**PROBLEM REQUIREMENTS:** Every line of the data below is to be given again as it appears, with the images removed.

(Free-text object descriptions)
*** Begin section ***

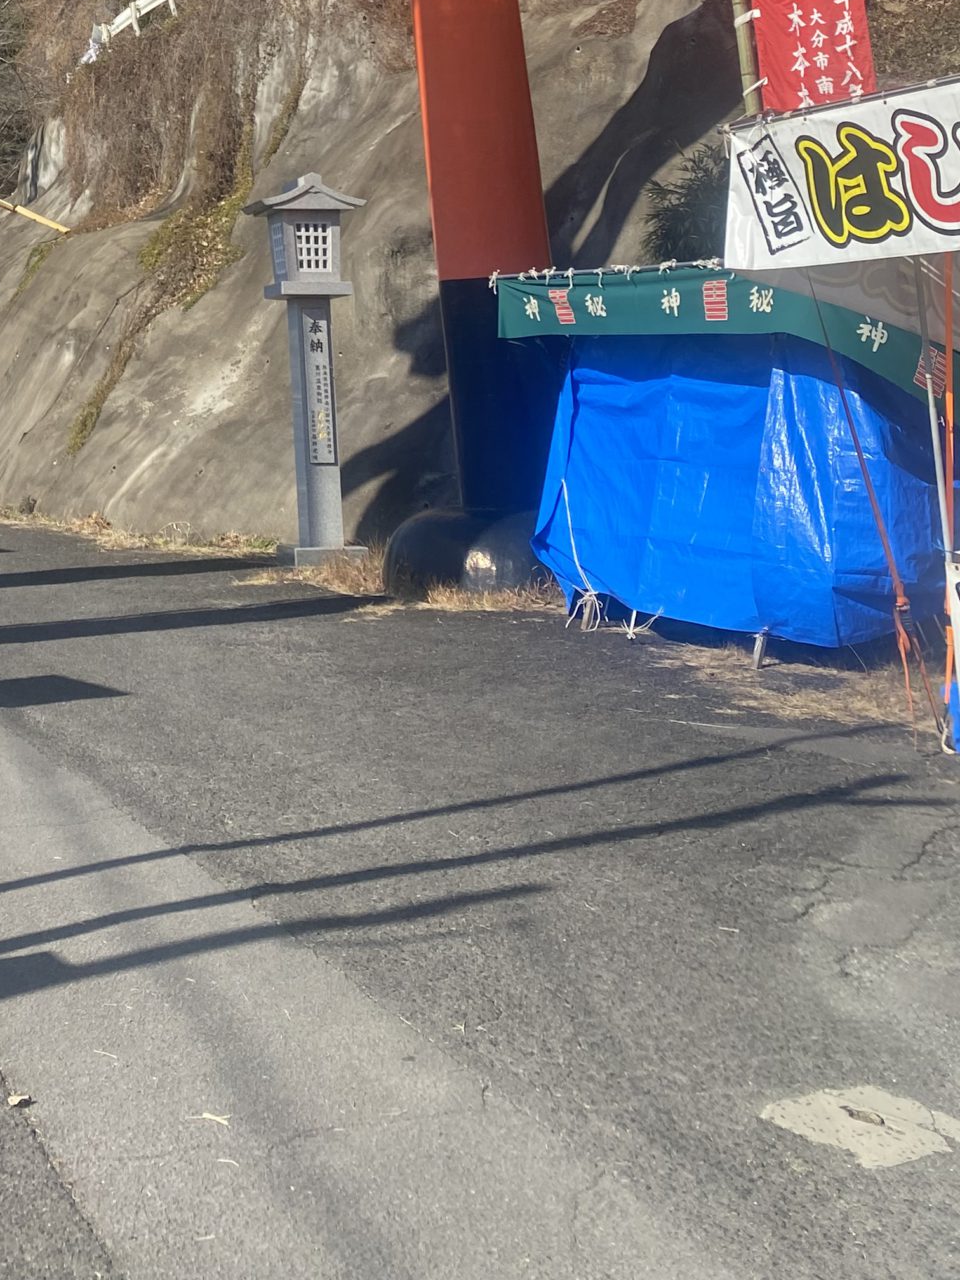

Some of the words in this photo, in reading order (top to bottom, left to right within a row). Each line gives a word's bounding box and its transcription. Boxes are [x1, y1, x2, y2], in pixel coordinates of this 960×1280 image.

[809, 7, 835, 103] 大分市南
[795, 108, 960, 250] はし
[308, 320, 324, 354] 奉納
[522, 295, 541, 322] 神
[584, 293, 607, 317] 秘
[660, 287, 681, 317] 神
[748, 285, 774, 313] 秘
[856, 316, 888, 352] 神
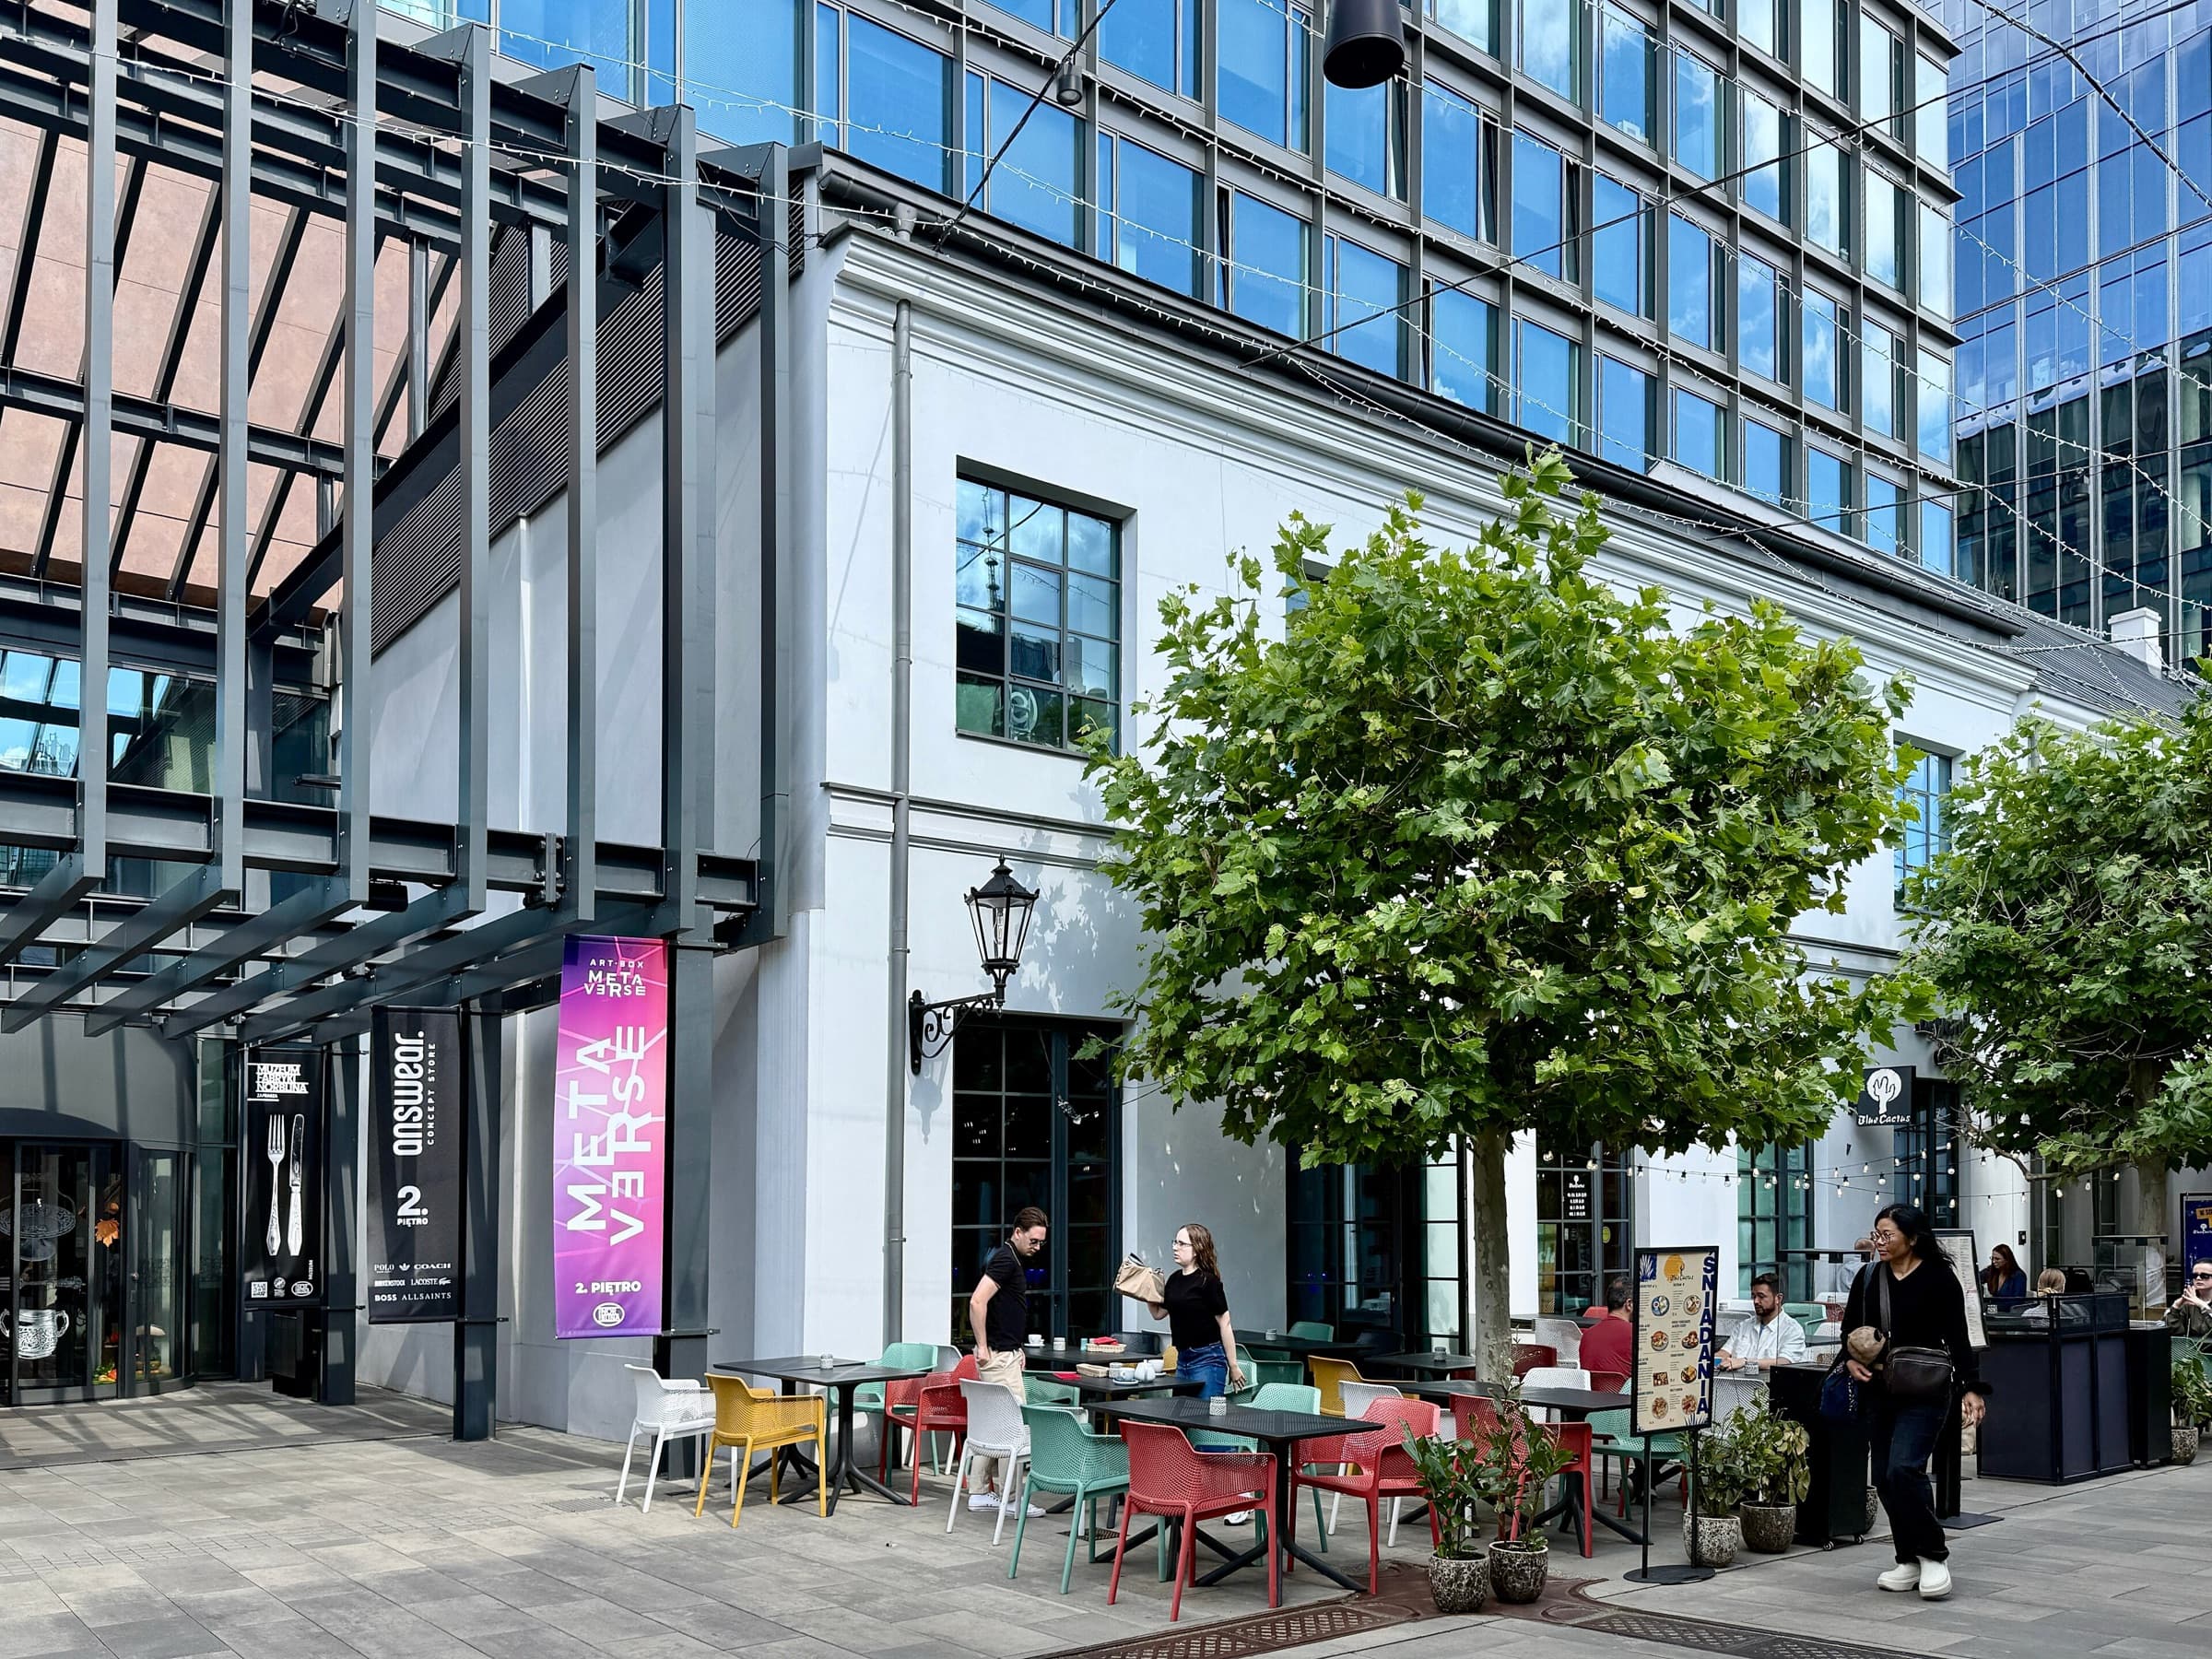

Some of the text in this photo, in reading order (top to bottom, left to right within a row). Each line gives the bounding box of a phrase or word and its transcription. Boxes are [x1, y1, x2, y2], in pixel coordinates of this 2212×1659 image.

[588, 970, 642, 985] META
[257, 1064, 300, 1075] MUZEUM
[256, 1083, 308, 1092] NORBLINA
[393, 1030, 425, 1157] answear.
[427, 1043, 436, 1146] CONCEPT STORE
[1879, 1114, 1911, 1124] Cactus
[567, 1037, 615, 1230] META
[397, 1185, 429, 1216] 2.
[397, 1218, 429, 1227] PIĘTRO
[410, 1277, 438, 1286] LACOSTE
[575, 1280, 641, 1296] 2. PIĘTRO
[374, 1292, 452, 1301] BOSS ALLSAINTS

*** End section ***

**TASK OUTPUT:**
Some of the words in this photo, in reading order (top to bottom, left to right within a row). Each line gives a word's bounding box and its transcription. Boxes are [x1, y1, x2, y2], in pixel coordinates of this 960×1280 image.

[809, 7, 835, 103] 大分市南
[795, 108, 960, 250] はし
[308, 320, 324, 354] 奉納
[522, 295, 541, 322] 神
[584, 293, 607, 317] 秘
[660, 287, 681, 317] 神
[748, 285, 774, 313] 秘
[856, 316, 888, 352] 神

Some of the text in this photo, in reading order (top to bottom, left to right within a row). Each line gives the bounding box of a phrase or word and its transcription. Boxes are [x1, y1, x2, y2], in pixel coordinates of this 2212×1659 image.

[588, 970, 642, 985] META
[257, 1064, 300, 1075] MUZEUM
[256, 1083, 308, 1092] NORBLINA
[393, 1030, 425, 1157] answear.
[427, 1043, 436, 1146] CONCEPT STORE
[1879, 1114, 1911, 1124] Cactus
[567, 1037, 615, 1230] META
[397, 1185, 429, 1216] 2.
[397, 1218, 429, 1227] PIĘTRO
[410, 1277, 438, 1286] LACOSTE
[575, 1280, 641, 1296] 2. PIĘTRO
[374, 1292, 452, 1301] BOSS ALLSAINTS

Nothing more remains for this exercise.